先ほど紹介したふるさと納税の理念、意義の3つ目、「自治体が国民に取組をアピールすることでふるさと納税を呼びかけ、自治体間の競争が進むこと。それは、選んでもらうに相応しい、地域のあり方をあらためて考えるきっかけへとつながります。」をその通りに解すれば、自治体は税収を増やすこと自体を目的とせず、何を目指すのかを明確にしその実現のために必要な手当としての志ある寄付(税)を求めるのだと示さなければ「選んでもらうに相応しい」地域にはなれないと思います。さらに広げて考えれば、都市圏の自治体も現在の市民が地域外に寄付をしてしまうような状況を作っているという立場に立って地域経営を考えるきっかけでもあるような気がします。

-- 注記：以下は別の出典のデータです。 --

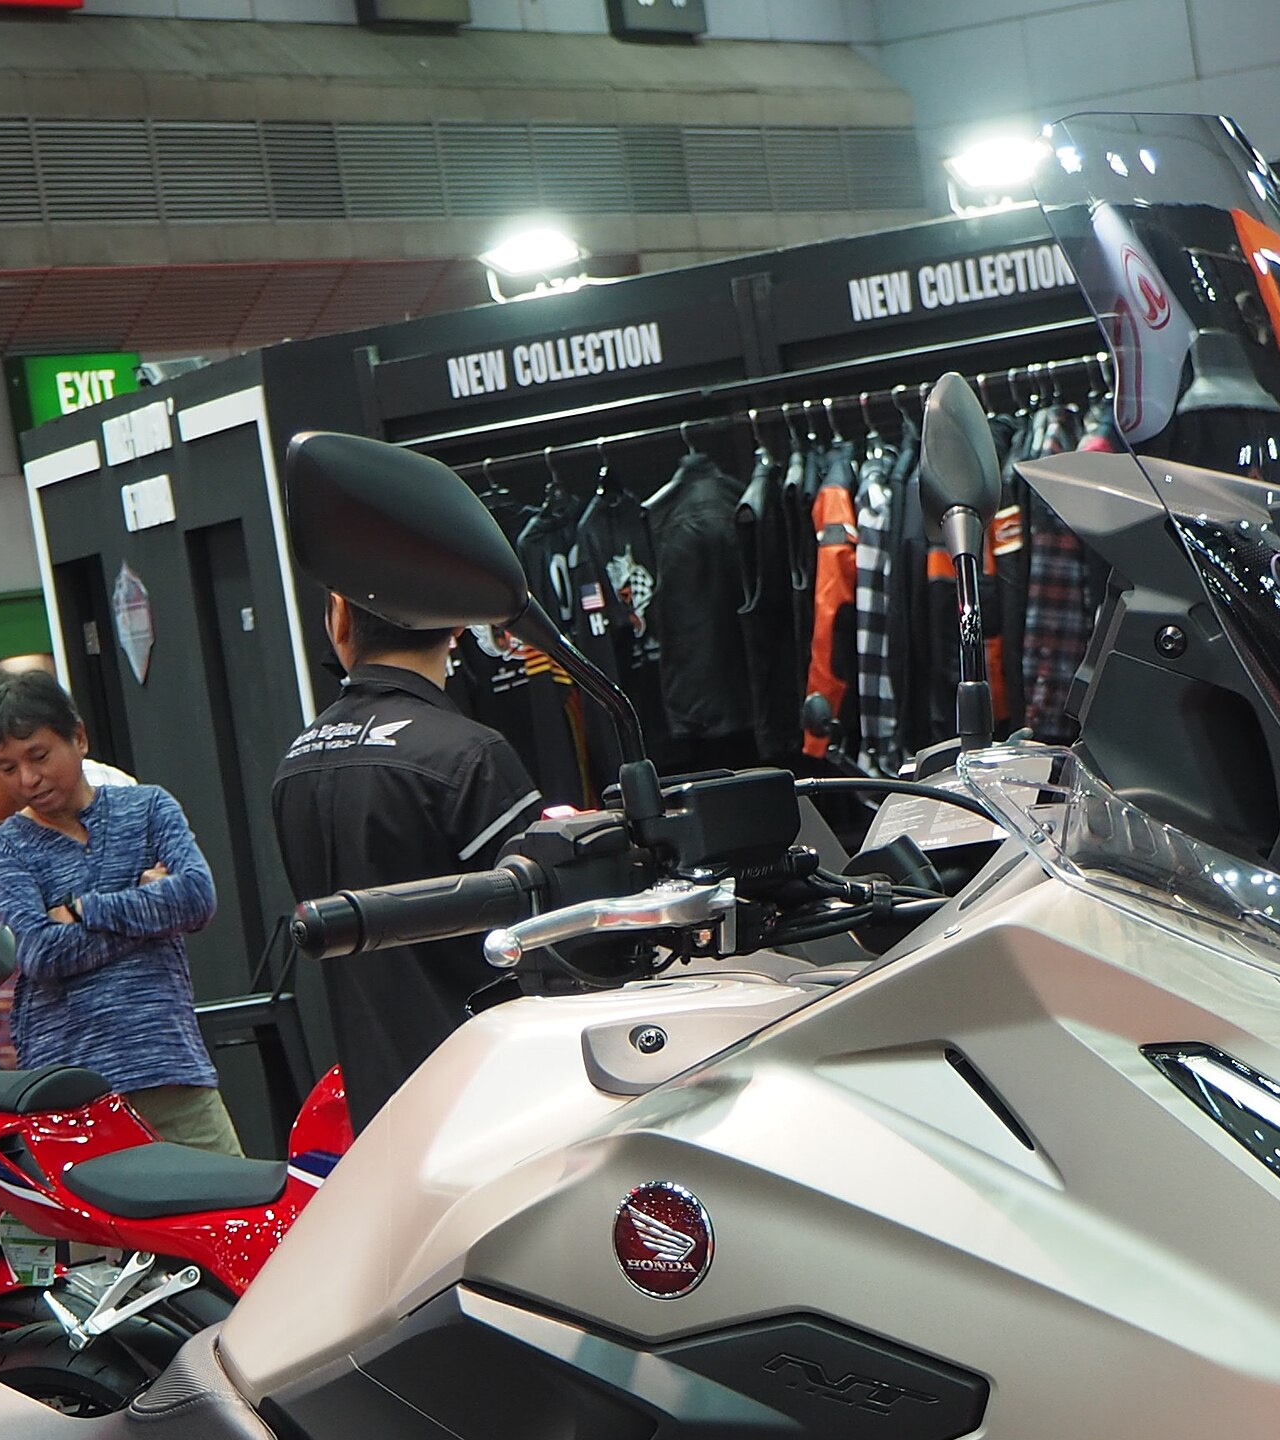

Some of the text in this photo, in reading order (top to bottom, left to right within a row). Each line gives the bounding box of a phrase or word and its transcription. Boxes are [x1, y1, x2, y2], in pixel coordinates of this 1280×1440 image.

[848, 243, 1076, 322] NEW COLLECTION
[446, 322, 663, 399] NEW COLLECTION
[55, 368, 116, 416] EXIT
[625, 1258, 697, 1273] HONDA
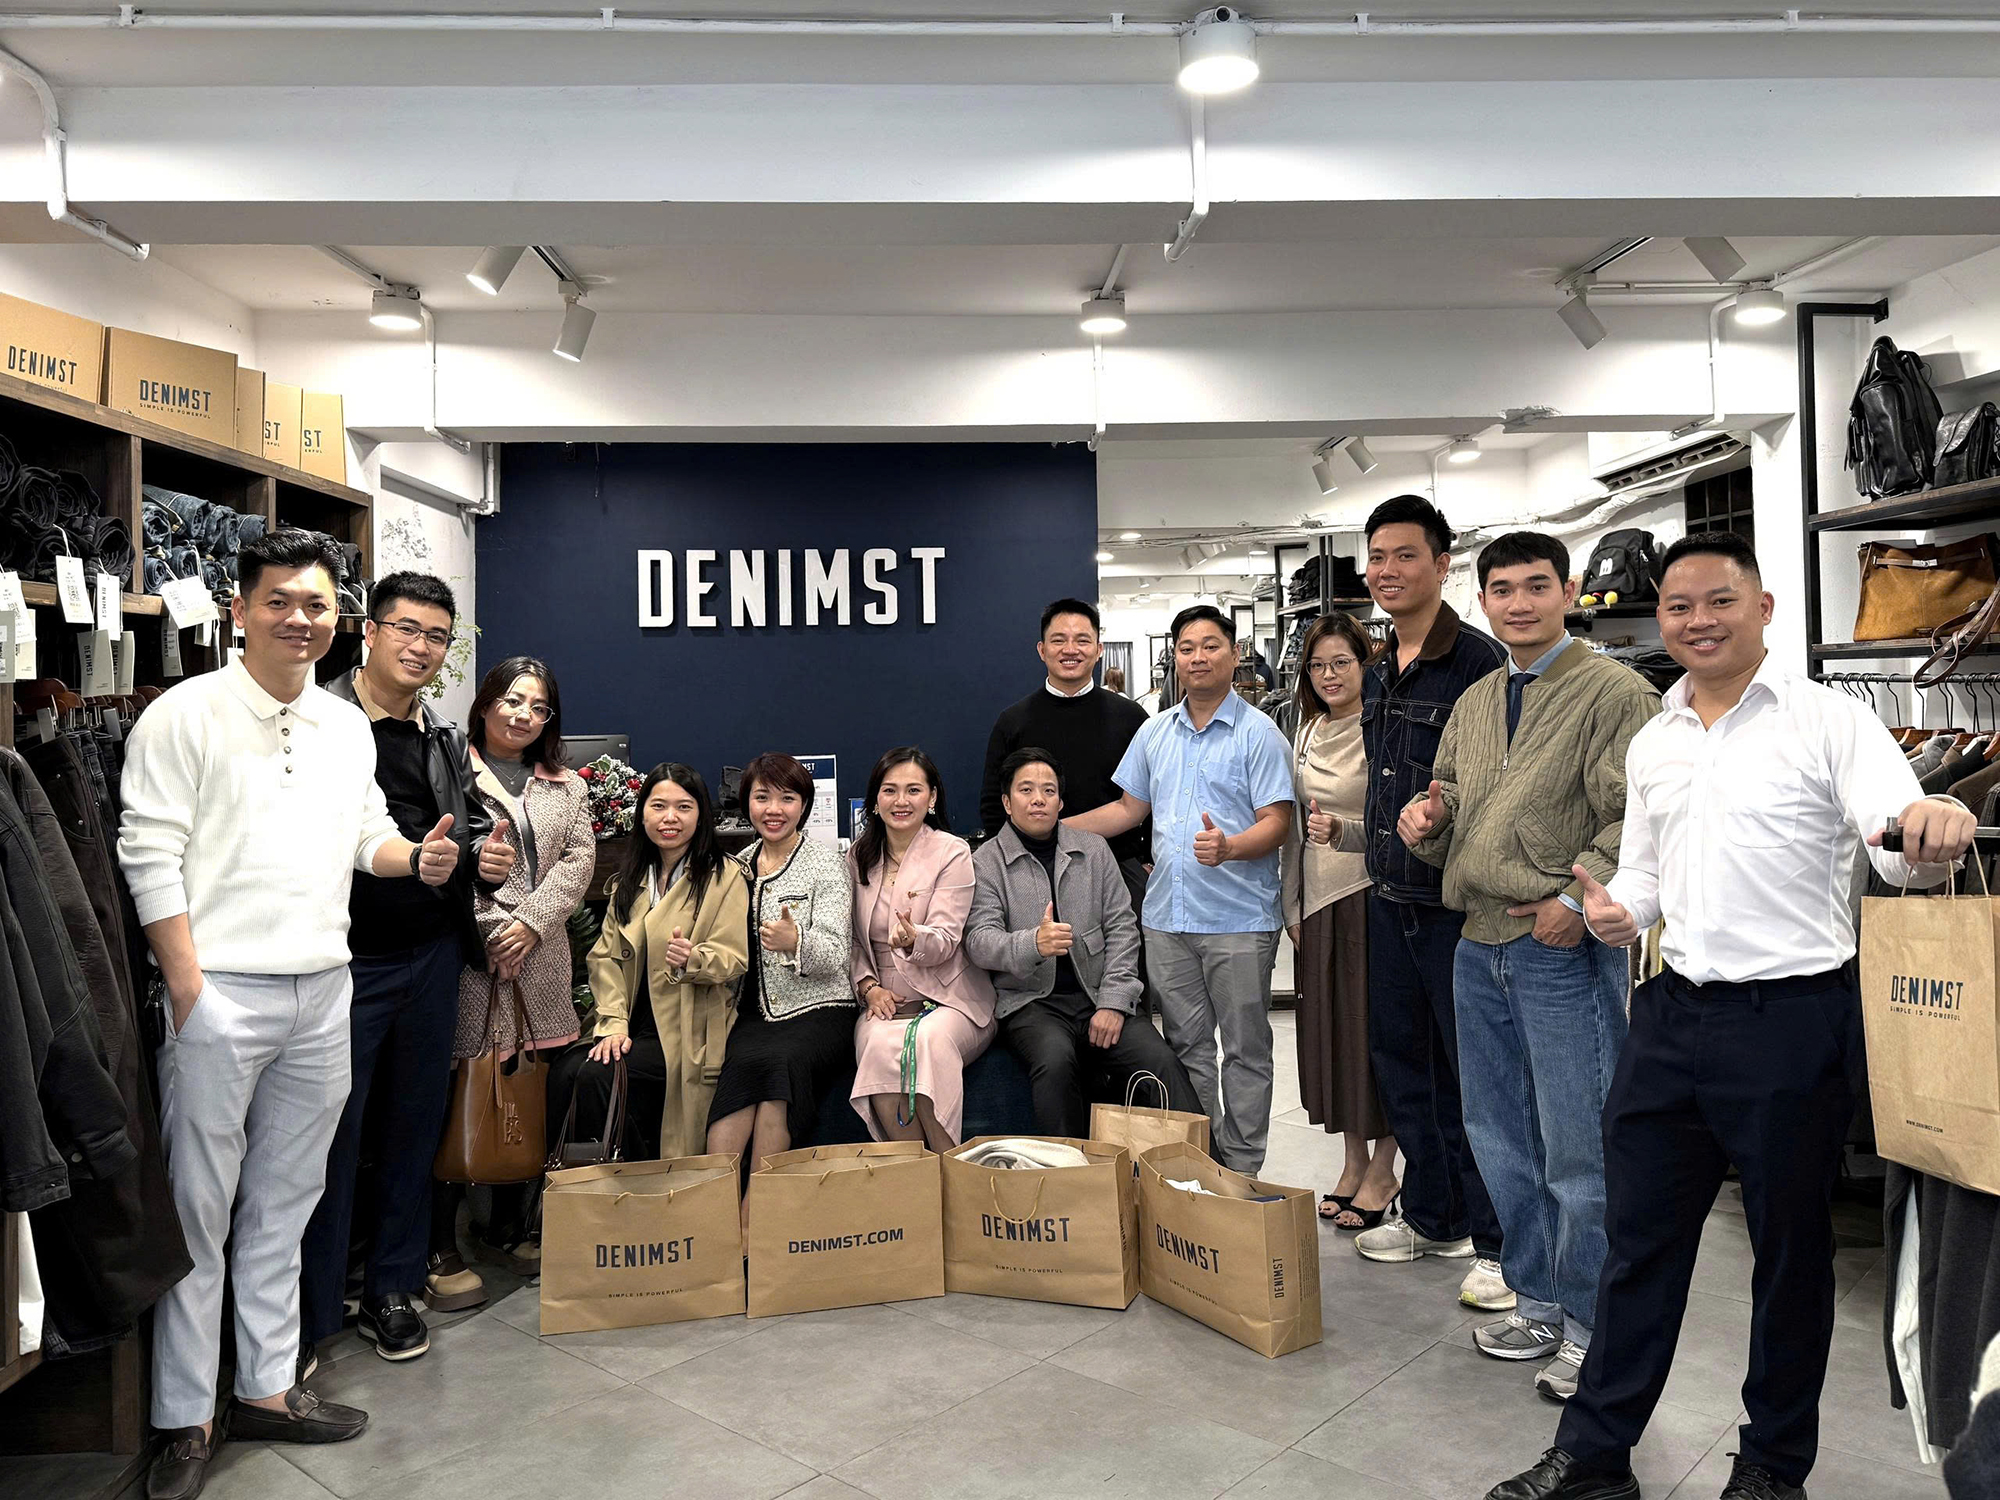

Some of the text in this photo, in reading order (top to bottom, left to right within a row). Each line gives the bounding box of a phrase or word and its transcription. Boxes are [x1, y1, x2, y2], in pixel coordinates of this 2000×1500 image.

[7, 345, 78, 386] DENIMST
[139, 379, 211, 413] DENIMST
[139, 402, 164, 411] SIMPLE
[177, 409, 211, 420] POWERFUL
[637, 547, 946, 628] DENIMST
[83, 645, 93, 677] DENIMST
[1890, 975, 1964, 1011] DENIMST
[1889, 1005, 1912, 1015] SIMPLE
[1928, 1011, 1961, 1021] POWERFUL
[788, 1227, 904, 1254] DENIMST.COM
[982, 1213, 1070, 1242] DENIMST
[596, 1236, 695, 1268] DENIMST
[1156, 1223, 1220, 1274] DENIMST
[646, 1288, 684, 1297] POWERFUL
[1272, 1257, 1285, 1299] DENIMST

…もちろん自治体さんしっかりして!というだけではなく、納税(寄付)者も物品が欲しいだけで「貢献したいという志は二の次」…というなら、ふるさと納税の寄付制度ではなく普通にECサイトなどを利用して物品を買い求めそれを通じて各地の経済成長に貢献すれば良いのでは?という指摘は言うまでもないことです。
流出する側、享受する側、双方ともにとっても「考える」きっかけだと思いました。